(Recorded data)
* * * *

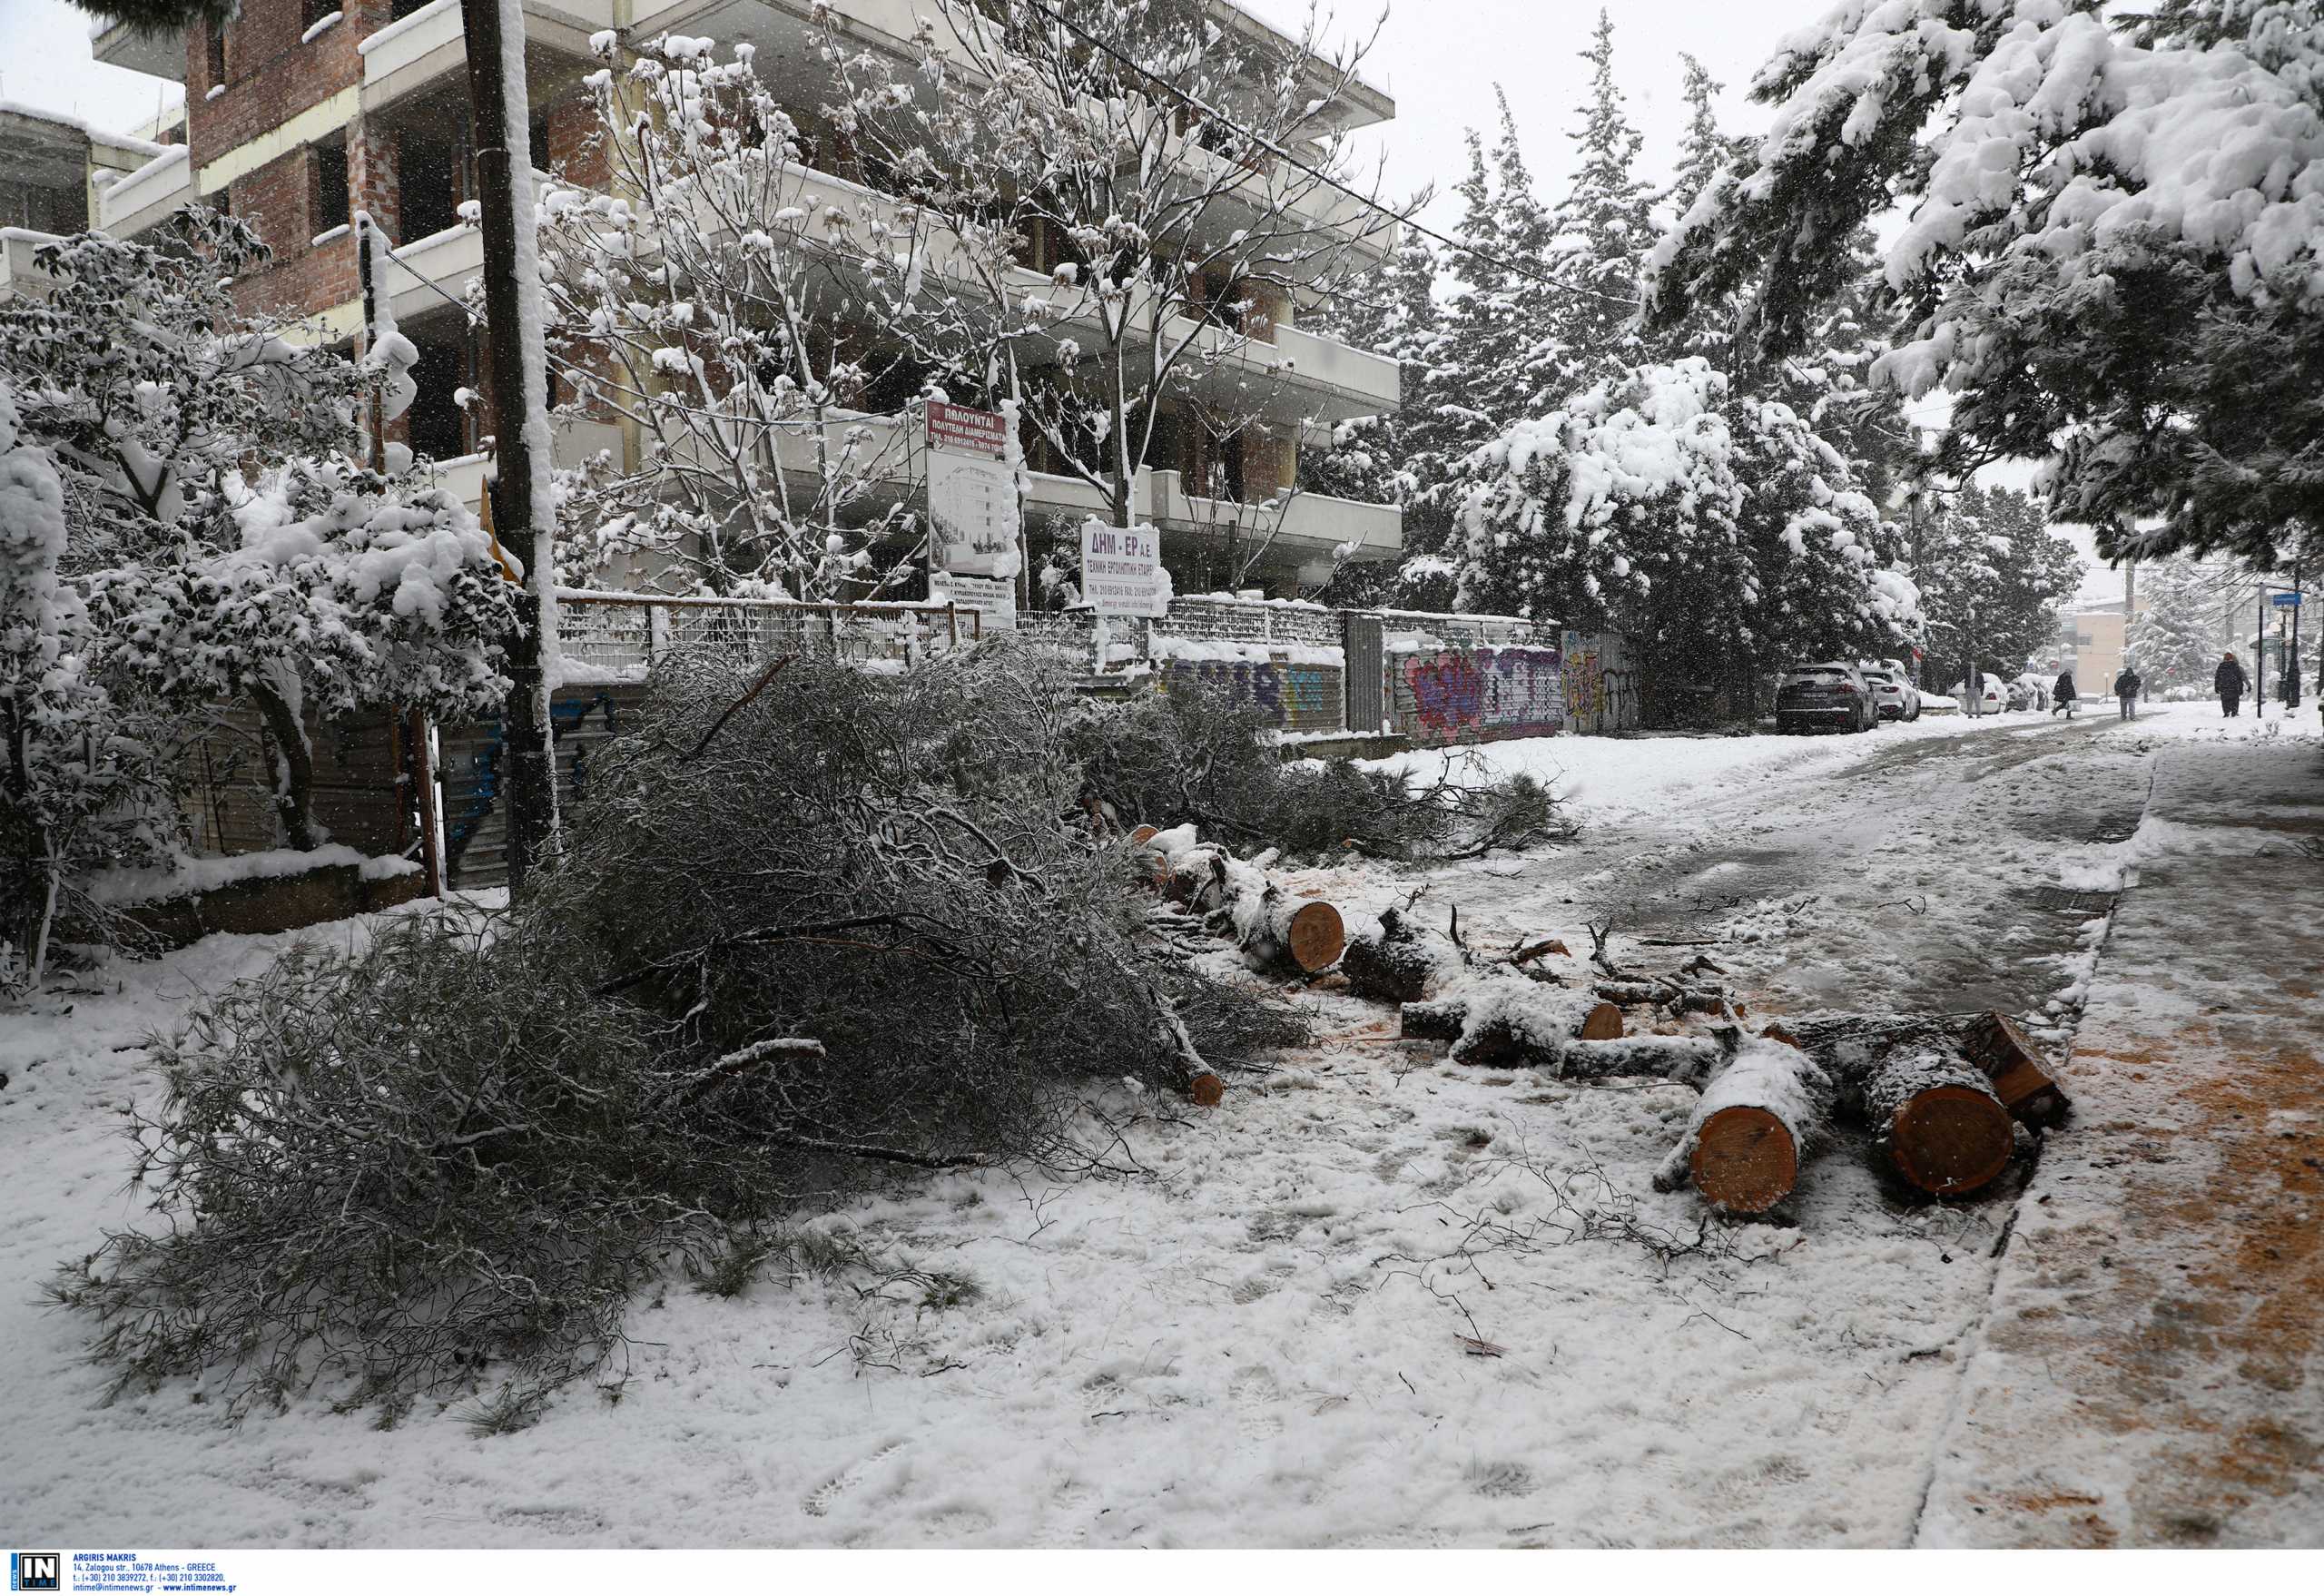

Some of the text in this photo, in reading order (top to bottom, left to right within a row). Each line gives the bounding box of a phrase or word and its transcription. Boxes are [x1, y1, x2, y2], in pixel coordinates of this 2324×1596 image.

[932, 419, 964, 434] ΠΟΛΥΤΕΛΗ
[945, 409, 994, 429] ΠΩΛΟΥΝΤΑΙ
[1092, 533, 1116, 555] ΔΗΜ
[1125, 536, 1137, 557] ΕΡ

* * * *

**GOAL OF THE EXERCISE:** Return every line above word for word, minus images.

**SOLVED EXERCISE:**
Some of the text in this photo, in reading order (top to bottom, left to right within a row). Each line gives the bounding box of a phrase or word and its transcription. Boxes are [x1, y1, x2, y2], in pixel coordinates of this 2324×1596 image.

[932, 419, 964, 434] ΠΟΛΥΤΕΛΗ
[945, 409, 994, 429] ΠΩΛΟΥΝΤΑΙ
[1092, 533, 1116, 555] ΔΗΜ
[1125, 536, 1137, 557] ΕΡ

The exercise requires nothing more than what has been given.